Aponta que a "ocorrência de deiscência (abertura) de sutura com a extrusão de alça intestinal ocorreu por fatores estranhos aos atos perpetrados", que "a paciente recebeu antibioticoterapia no nosocômio e, após a estabilização de seu quadro, seguiu para sua residência com a prescrição de antibióticos para continuar com tal terapia e não há elementos probatórios mínimos para se afirmar que a paciente estaria com infecção hospitalar".

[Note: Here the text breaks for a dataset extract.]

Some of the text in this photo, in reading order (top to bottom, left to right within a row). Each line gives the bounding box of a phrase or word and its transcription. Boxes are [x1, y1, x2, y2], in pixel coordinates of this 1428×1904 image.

Pontua que "não há nos autos elementos que possam indicar qual o exame supostamente não realizado [...] antes da alta do dia 1º de maio de 2015 que seria indispensável e capaz de mudar o resultado morte", somente "meras suposições", e que "a própria Certidão de Óbito indica que a causa mortis não foi sepse, mas sim 'abdômen agudo inflamatório, neoplasia de cólon'", de modo que, "ao que tudo indica, a evolução para o quadro de abdômen agudo inflamatório teria se dado já no Hospital Unimed".

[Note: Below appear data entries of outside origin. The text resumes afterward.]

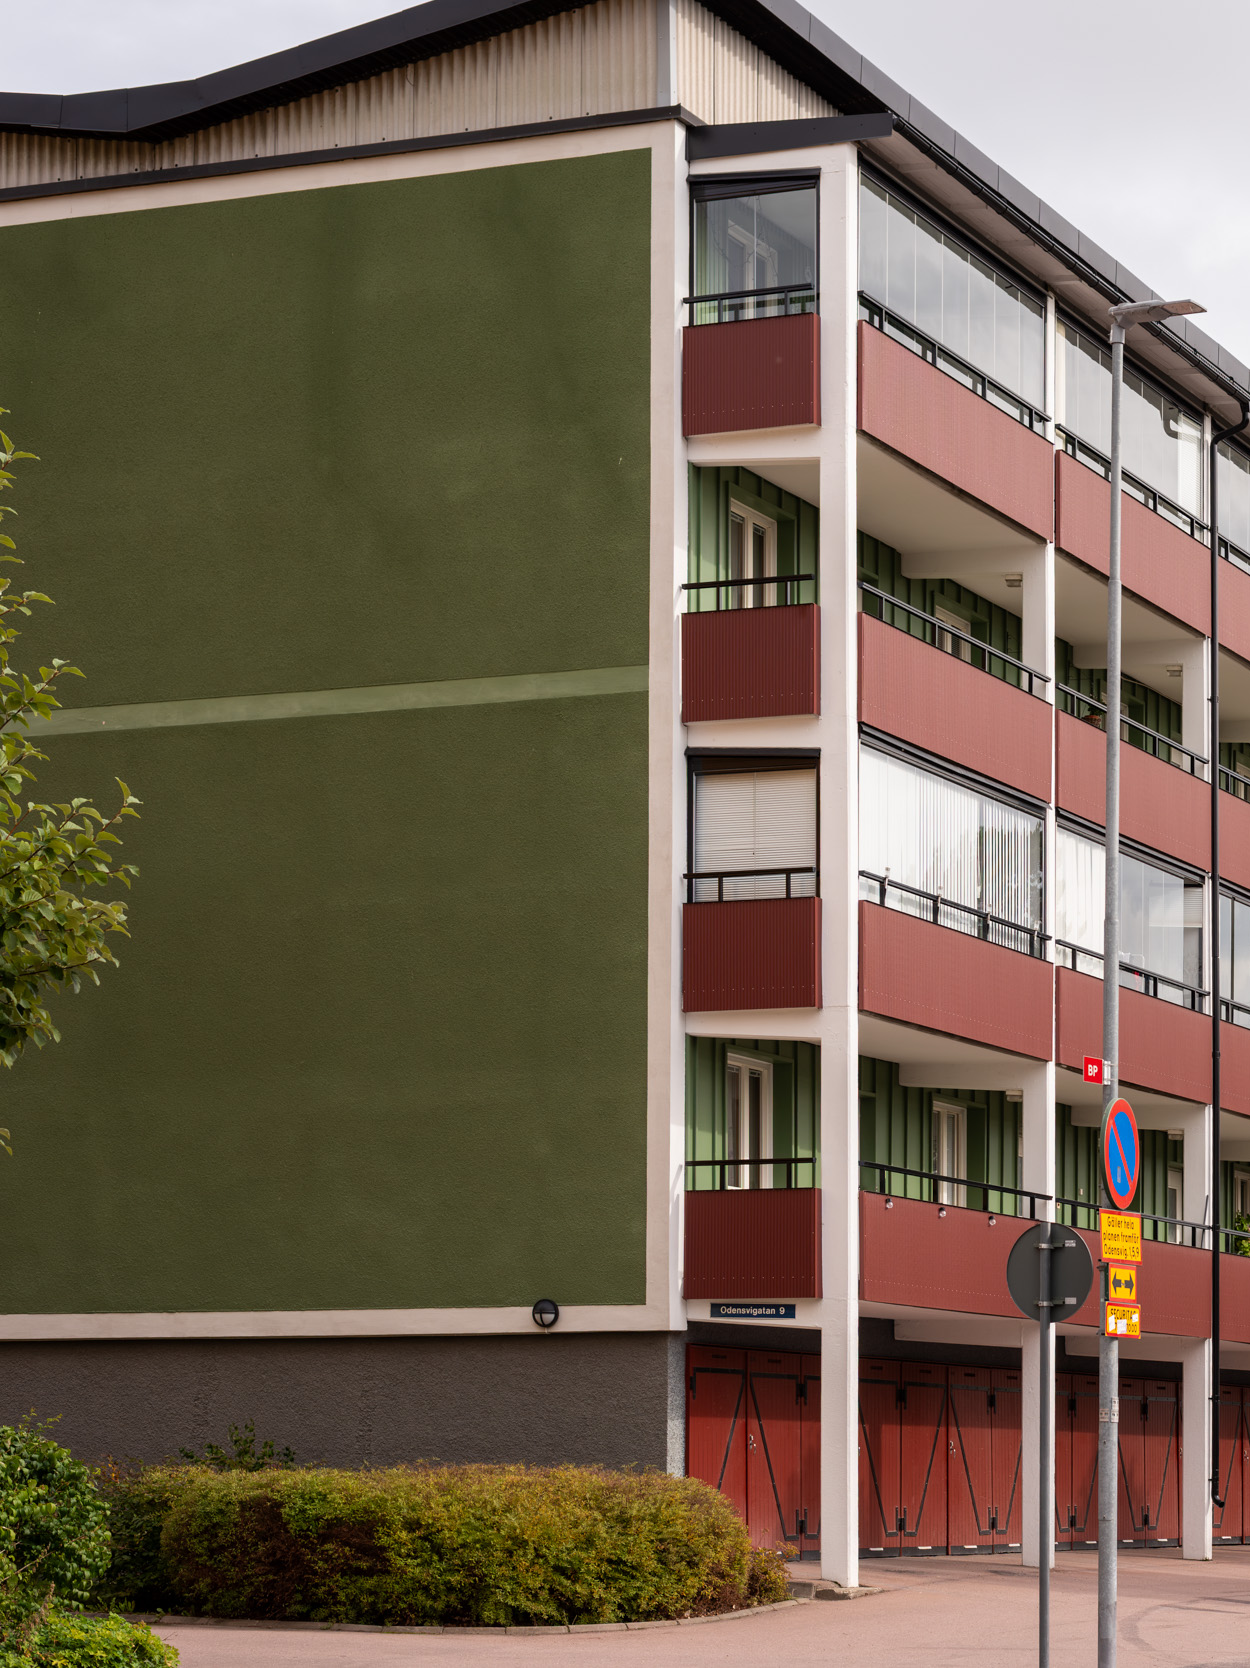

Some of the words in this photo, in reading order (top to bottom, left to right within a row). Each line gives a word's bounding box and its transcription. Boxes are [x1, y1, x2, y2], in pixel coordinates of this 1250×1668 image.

[1088, 1064, 1098, 1077] BP
[1124, 1218, 1134, 1230] hela
[1103, 1230, 1120, 1243] planen
[1121, 1232, 1139, 1244] framför
[720, 1306, 775, 1316] Odensvigatan
[779, 1306, 785, 1315] 9
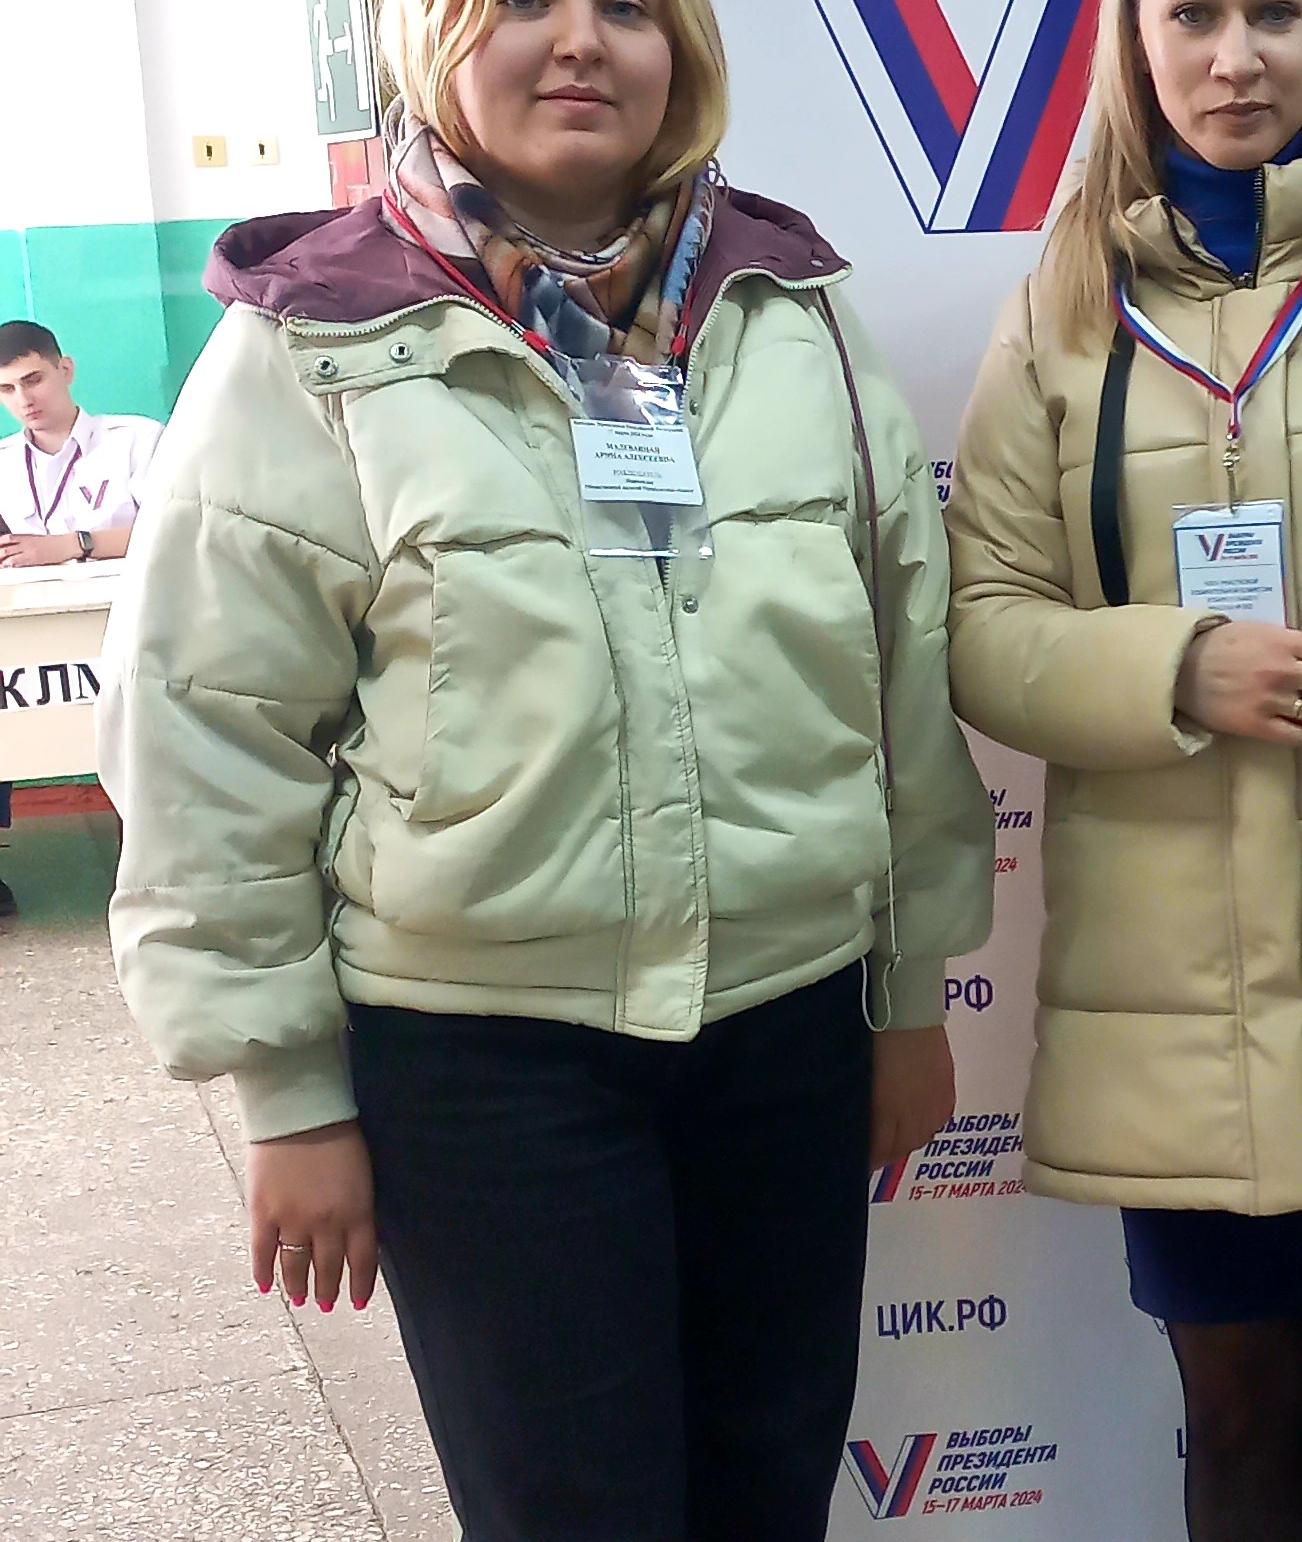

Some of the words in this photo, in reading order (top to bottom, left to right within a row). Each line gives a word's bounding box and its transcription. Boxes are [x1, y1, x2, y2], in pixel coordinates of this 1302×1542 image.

[915, 1159, 995, 1180] РОССИИ
[949, 1182, 996, 1198] МАРТА
[877, 1294, 1007, 1340] ЦИК.РФ
[946, 1424, 1033, 1449] ВЫБОРЫ
[937, 1443, 1057, 1471] ПРЕЗИДЕНТА
[928, 1472, 1007, 1495] РОССИИ
[961, 1493, 1007, 1512] МАРТА
[1009, 1490, 1043, 1508] 2024

Sublinha que "o retorno ao hospital após a alta dada em 1º/04/2015 se deu por conta da evisceração da alça intestinal", sem presença de fezes, e que a Vítima estava naquele momento com sinais vitais estáveis, sem "qualquer indicativo de sepse".

Giza que "há a ausência de provas para afastar a possibilidade de que o resultado morte tenha se dado por conta de complicações advindas das perfurações de múltiplos órgãos", e que, "sem este equacionamento, impossível é a aferição da materialidade e autoria delitiva ou mesmo da existência de um fato típico".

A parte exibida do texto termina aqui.